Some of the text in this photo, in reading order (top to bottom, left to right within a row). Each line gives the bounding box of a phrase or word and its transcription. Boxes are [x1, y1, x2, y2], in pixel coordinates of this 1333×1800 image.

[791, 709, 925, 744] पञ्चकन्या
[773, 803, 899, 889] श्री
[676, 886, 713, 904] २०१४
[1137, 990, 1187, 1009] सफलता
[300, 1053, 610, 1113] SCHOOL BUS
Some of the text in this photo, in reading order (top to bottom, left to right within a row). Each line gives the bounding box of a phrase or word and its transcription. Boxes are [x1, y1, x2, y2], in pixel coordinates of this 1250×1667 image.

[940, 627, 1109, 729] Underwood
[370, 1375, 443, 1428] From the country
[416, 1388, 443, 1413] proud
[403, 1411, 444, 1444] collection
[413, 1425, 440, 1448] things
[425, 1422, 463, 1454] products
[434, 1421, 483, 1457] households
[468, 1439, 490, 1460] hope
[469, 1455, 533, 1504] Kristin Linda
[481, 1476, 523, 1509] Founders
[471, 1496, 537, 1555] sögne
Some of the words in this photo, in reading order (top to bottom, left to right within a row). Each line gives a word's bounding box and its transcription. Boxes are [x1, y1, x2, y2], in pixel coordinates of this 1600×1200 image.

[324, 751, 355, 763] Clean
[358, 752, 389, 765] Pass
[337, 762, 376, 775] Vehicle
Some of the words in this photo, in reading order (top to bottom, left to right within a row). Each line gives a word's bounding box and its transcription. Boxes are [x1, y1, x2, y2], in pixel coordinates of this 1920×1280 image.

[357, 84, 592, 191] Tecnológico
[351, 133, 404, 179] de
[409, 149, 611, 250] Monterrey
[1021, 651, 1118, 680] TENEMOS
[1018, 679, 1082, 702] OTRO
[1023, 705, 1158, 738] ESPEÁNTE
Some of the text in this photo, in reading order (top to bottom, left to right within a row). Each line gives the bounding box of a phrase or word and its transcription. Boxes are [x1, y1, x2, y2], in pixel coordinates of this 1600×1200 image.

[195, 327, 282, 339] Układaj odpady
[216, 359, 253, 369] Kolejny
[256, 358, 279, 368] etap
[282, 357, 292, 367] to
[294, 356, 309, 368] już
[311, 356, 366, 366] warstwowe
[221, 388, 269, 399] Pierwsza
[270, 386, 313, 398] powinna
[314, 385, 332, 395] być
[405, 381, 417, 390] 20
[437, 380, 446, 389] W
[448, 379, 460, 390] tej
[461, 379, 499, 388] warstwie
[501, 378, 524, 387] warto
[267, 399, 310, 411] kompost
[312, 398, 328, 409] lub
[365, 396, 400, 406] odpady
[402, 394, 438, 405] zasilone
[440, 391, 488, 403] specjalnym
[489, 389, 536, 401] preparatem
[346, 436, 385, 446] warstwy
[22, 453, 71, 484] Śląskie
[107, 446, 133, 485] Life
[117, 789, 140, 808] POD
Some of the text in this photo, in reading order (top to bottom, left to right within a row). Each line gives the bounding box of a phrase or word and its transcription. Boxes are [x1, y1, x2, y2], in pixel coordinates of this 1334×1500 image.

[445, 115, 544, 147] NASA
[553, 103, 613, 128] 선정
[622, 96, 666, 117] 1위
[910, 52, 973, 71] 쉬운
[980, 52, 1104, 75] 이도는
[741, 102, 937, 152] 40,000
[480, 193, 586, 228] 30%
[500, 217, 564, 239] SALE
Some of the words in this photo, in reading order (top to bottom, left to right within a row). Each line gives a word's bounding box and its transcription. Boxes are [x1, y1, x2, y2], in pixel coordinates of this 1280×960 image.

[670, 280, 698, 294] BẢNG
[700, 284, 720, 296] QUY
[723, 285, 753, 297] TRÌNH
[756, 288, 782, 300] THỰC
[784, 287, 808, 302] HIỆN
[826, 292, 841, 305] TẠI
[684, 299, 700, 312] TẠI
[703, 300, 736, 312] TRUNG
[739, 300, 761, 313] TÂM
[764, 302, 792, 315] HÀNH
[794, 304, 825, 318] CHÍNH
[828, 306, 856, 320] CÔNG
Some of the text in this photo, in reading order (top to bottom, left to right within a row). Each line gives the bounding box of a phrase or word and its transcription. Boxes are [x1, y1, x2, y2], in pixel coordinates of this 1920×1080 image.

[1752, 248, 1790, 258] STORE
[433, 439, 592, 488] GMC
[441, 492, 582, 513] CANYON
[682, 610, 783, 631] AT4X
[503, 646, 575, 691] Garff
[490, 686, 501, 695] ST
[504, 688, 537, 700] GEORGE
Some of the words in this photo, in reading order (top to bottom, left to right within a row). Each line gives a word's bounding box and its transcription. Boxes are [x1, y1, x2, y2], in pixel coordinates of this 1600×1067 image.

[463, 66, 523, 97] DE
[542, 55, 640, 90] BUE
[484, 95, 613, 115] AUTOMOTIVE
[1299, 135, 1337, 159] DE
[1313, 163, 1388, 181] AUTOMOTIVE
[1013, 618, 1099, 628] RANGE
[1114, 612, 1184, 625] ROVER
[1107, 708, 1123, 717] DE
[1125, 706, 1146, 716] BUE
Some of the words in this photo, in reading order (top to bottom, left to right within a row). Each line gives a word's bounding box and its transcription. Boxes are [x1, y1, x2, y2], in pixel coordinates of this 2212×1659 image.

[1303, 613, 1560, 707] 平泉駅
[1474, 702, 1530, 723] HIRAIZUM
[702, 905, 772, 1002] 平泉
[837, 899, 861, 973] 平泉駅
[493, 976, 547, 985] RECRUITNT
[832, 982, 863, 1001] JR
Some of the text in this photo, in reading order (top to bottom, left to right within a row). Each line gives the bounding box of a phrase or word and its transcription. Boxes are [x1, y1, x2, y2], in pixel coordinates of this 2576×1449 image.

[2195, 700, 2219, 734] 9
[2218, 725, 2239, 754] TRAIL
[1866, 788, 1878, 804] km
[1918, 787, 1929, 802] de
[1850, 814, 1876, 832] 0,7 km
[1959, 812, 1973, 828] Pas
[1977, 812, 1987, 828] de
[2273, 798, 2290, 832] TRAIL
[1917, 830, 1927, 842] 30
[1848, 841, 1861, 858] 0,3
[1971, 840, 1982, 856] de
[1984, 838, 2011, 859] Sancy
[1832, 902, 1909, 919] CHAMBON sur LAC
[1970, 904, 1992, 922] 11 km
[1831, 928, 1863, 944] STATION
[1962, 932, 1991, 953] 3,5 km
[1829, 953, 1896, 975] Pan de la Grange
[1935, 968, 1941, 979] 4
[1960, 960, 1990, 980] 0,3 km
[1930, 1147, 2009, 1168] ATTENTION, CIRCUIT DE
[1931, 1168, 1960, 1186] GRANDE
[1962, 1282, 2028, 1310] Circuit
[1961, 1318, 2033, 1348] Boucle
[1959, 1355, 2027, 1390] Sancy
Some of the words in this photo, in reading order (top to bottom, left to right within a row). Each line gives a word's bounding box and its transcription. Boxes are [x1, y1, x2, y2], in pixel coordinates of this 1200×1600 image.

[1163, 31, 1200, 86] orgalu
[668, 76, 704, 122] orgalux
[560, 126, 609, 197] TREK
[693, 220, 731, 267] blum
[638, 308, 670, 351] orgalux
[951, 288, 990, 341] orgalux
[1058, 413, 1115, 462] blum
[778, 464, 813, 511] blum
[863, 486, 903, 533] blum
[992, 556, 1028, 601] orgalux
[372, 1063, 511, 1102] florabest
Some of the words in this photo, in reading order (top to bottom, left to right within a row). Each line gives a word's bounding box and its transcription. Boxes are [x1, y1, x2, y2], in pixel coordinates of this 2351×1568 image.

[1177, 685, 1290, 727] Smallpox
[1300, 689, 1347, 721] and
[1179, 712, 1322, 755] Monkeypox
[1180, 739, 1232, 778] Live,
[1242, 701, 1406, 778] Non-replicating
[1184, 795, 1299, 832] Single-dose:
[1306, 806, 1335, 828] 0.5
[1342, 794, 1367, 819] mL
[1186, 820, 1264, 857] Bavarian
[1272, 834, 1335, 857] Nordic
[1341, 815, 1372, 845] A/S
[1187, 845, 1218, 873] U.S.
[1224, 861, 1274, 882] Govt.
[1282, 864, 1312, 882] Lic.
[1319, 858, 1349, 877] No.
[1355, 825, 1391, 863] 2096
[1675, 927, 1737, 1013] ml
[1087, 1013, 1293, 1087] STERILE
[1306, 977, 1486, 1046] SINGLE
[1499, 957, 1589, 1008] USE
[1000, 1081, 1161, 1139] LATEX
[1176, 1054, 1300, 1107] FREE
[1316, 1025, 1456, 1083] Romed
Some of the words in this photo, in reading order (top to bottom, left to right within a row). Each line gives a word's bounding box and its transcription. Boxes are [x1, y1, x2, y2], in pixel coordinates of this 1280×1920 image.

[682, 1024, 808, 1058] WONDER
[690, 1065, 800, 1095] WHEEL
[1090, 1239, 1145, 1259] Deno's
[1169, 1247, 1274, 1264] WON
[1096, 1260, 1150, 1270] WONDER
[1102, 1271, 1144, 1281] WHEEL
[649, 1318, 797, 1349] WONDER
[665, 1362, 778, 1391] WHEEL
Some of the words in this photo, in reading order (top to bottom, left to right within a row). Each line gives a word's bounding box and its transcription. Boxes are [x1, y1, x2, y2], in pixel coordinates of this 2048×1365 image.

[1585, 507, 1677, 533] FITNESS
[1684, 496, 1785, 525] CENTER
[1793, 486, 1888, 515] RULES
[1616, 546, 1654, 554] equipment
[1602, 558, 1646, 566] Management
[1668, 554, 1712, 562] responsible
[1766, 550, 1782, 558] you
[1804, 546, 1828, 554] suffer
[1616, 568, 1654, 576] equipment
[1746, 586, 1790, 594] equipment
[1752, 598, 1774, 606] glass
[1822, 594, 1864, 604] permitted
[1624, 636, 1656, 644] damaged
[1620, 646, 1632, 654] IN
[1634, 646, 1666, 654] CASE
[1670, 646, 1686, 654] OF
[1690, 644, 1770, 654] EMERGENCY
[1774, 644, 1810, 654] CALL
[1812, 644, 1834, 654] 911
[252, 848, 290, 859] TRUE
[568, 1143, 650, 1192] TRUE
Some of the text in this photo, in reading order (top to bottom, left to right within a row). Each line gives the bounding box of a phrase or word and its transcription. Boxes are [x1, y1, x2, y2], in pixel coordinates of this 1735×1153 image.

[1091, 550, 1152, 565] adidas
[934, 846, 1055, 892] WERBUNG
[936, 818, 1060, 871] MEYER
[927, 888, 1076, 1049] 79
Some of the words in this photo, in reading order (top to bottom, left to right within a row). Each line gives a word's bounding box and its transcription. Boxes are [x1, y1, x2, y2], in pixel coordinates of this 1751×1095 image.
=======
» **Work instruction**: From the line containing "this 2048×1365 image." down to the last line of the data above, copy every line exactly; leave out all other lines.

» **Response to this exercise**:
Some of the words in this photo, in reading order (top to bottom, left to right within a row). Each line gives a word's bounding box and its transcription. Boxes are [x1, y1, x2, y2], in pixel coordinates of this 2048×1365 image.

[1585, 507, 1677, 533] FITNESS
[1684, 496, 1785, 525] CENTER
[1793, 486, 1888, 515] RULES
[1616, 546, 1654, 554] equipment
[1602, 558, 1646, 566] Management
[1668, 554, 1712, 562] responsible
[1766, 550, 1782, 558] you
[1804, 546, 1828, 554] suffer
[1616, 568, 1654, 576] equipment
[1746, 586, 1790, 594] equipment
[1752, 598, 1774, 606] glass
[1822, 594, 1864, 604] permitted
[1624, 636, 1656, 644] damaged
[1620, 646, 1632, 654] IN
[1634, 646, 1666, 654] CASE
[1670, 646, 1686, 654] OF
[1690, 644, 1770, 654] EMERGENCY
[1774, 644, 1810, 654] CALL
[1812, 644, 1834, 654] 911
[252, 848, 290, 859] TRUE
[568, 1143, 650, 1192] TRUE
Some of the text in this photo, in reading order (top to bottom, left to right within a row). Each line gives the bounding box of a phrase or word and its transcription. Boxes are [x1, y1, x2, y2], in pixel coordinates of this 1735×1153 image.

[1091, 550, 1152, 565] adidas
[934, 846, 1055, 892] WERBUNG
[936, 818, 1060, 871] MEYER
[927, 888, 1076, 1049] 79
Some of the words in this photo, in reading order (top to bottom, left to right within a row). Each line gives a word's bounding box and its transcription. Boxes are [x1, y1, x2, y2], in pixel coordinates of this 1751×1095 image.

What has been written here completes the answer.